━━━━━ Records for this task ━━━━━

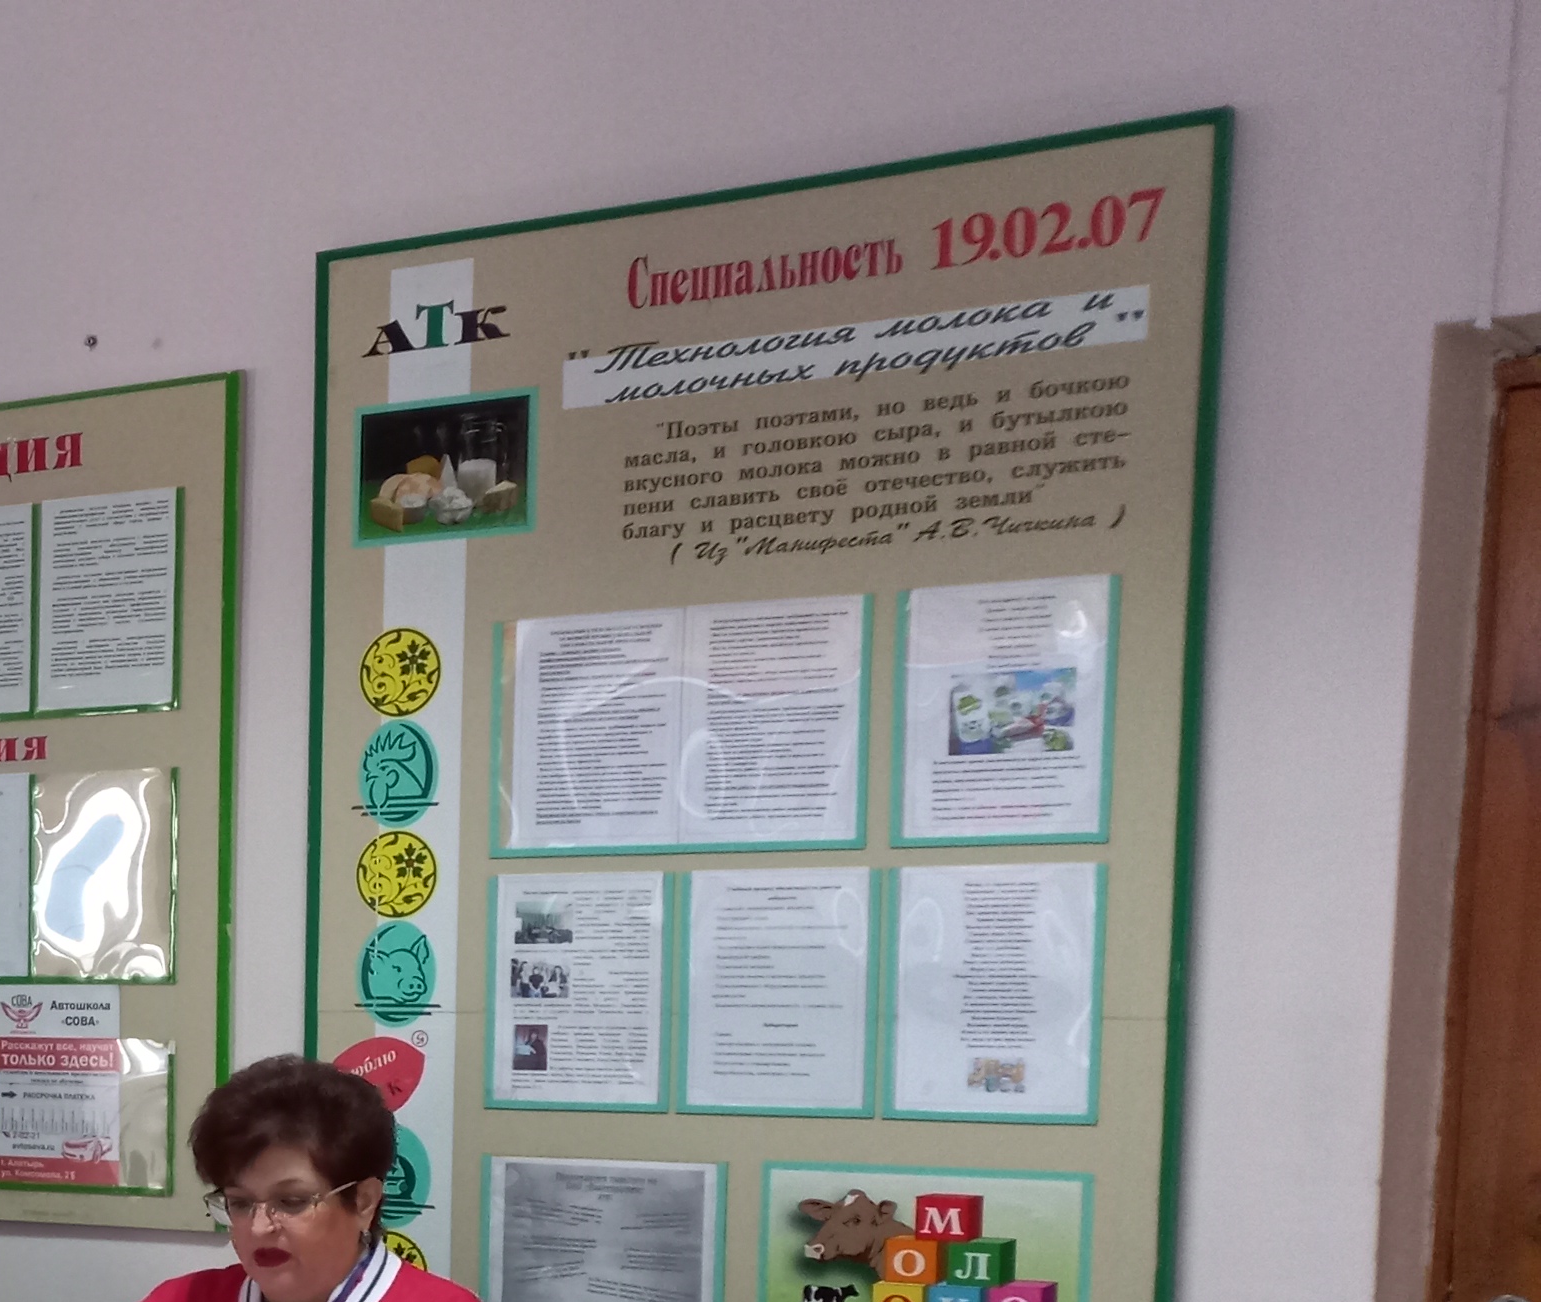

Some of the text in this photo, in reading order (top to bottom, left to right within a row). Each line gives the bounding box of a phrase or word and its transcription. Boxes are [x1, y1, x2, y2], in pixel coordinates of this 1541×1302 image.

[627, 186, 1167, 310] Специальность 19.02.07
[361, 299, 511, 358] АТК
[874, 297, 1054, 340] молока
[1082, 289, 1116, 312] и
[604, 363, 815, 404] молочных
[754, 404, 860, 430] поэтами,
[876, 399, 906, 417] но
[923, 392, 979, 412] ведь
[996, 388, 1012, 404] и
[1029, 373, 1131, 399] бочкою
[623, 400, 1129, 470] масла, и головкою сыра, и бутылкою
[623, 469, 723, 494] вкусного
[739, 459, 823, 481] молока
[839, 449, 921, 471] можно
[937, 446, 951, 462] в
[968, 430, 1057, 463] равной
[623, 453, 1127, 517] пени славить своё отечество, служить
[621, 519, 686, 541] благу
[700, 518, 714, 534] и
[729, 507, 835, 535] расцвету
[851, 494, 938, 524] родной
[49, 1000, 111, 1011] Автошкола
[1, 1039, 54, 1051] Расскажут

━━━━━

» Task statement:
Print each entry above exactly. The pictures should not be printed.

» Task response:
Some of the text in this photo, in reading order (top to bottom, left to right within a row). Each line gives the bounding box of a phrase or word and its transcription. Boxes are [x1, y1, x2, y2], in pixel coordinates of this 1541×1302 image.

[627, 186, 1167, 310] Специальность 19.02.07
[361, 299, 511, 358] АТК
[874, 297, 1054, 340] молока
[1082, 289, 1116, 312] и
[604, 363, 815, 404] молочных
[754, 404, 860, 430] поэтами,
[876, 399, 906, 417] но
[923, 392, 979, 412] ведь
[996, 388, 1012, 404] и
[1029, 373, 1131, 399] бочкою
[623, 400, 1129, 470] масла, и головкою сыра, и бутылкою
[623, 469, 723, 494] вкусного
[739, 459, 823, 481] молока
[839, 449, 921, 471] можно
[937, 446, 951, 462] в
[968, 430, 1057, 463] равной
[623, 453, 1127, 517] пени славить своё отечество, служить
[621, 519, 686, 541] благу
[700, 518, 714, 534] и
[729, 507, 835, 535] расцвету
[851, 494, 938, 524] родной
[49, 1000, 111, 1011] Автошкола
[1, 1039, 54, 1051] Расскажут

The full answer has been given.